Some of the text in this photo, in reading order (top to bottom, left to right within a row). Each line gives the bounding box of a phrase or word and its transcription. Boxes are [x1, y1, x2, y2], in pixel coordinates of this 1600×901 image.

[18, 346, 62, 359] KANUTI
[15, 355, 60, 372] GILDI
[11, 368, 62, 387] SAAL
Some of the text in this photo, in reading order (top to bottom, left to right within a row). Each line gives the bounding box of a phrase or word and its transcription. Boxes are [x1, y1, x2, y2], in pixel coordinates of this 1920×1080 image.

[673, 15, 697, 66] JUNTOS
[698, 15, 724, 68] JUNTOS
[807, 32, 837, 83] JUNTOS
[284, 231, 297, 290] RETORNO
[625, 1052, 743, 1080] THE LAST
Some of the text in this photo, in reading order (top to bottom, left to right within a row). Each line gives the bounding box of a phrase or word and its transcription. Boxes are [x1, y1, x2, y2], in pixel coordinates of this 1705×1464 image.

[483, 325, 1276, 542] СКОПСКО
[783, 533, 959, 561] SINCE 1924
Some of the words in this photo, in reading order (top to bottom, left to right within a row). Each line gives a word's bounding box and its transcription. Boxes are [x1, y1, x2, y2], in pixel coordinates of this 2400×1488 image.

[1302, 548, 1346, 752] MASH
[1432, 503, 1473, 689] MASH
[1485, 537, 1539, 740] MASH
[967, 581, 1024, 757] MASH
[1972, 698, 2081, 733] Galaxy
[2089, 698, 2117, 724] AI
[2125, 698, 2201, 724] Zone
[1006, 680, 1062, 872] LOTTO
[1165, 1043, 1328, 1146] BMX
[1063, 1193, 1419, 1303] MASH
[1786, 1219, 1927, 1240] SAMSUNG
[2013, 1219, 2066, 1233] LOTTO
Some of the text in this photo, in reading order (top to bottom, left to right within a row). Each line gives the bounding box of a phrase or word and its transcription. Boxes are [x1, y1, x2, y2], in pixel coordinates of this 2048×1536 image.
┄┄┄┄┄┄┄┄┄┄
— Required work —
Could you write out all of the entries precisely as they stand?

— Task solution —
Some of the text in this photo, in reading order (top to bottom, left to right within a row). Each line gives the bounding box of a phrase or word and its transcription. Boxes are [x1, y1, x2, y2], in pixel coordinates of this 1600×901 image.

[18, 346, 62, 359] KANUTI
[15, 355, 60, 372] GILDI
[11, 368, 62, 387] SAAL
Some of the text in this photo, in reading order (top to bottom, left to right within a row). Each line gives the bounding box of a phrase or word and its transcription. Boxes are [x1, y1, x2, y2], in pixel coordinates of this 1920×1080 image.

[673, 15, 697, 66] JUNTOS
[698, 15, 724, 68] JUNTOS
[807, 32, 837, 83] JUNTOS
[284, 231, 297, 290] RETORNO
[625, 1052, 743, 1080] THE LAST
Some of the text in this photo, in reading order (top to bottom, left to right within a row). Each line gives the bounding box of a phrase or word and its transcription. Boxes are [x1, y1, x2, y2], in pixel coordinates of this 1705×1464 image.

[483, 325, 1276, 542] СКОПСКО
[783, 533, 959, 561] SINCE 1924
Some of the words in this photo, in reading order (top to bottom, left to right within a row). Each line gives a word's bounding box and its transcription. Boxes are [x1, y1, x2, y2], in pixel coordinates of this 2400×1488 image.

[1302, 548, 1346, 752] MASH
[1432, 503, 1473, 689] MASH
[1485, 537, 1539, 740] MASH
[967, 581, 1024, 757] MASH
[1972, 698, 2081, 733] Galaxy
[2089, 698, 2117, 724] AI
[2125, 698, 2201, 724] Zone
[1006, 680, 1062, 872] LOTTO
[1165, 1043, 1328, 1146] BMX
[1063, 1193, 1419, 1303] MASH
[1786, 1219, 1927, 1240] SAMSUNG
[2013, 1219, 2066, 1233] LOTTO
Some of the text in this photo, in reading order (top to bottom, left to right within a row). Each line gives the bounding box of a phrase or word and its transcription. Boxes are [x1, y1, x2, y2], in pixel coordinates of this 2048×1536 image.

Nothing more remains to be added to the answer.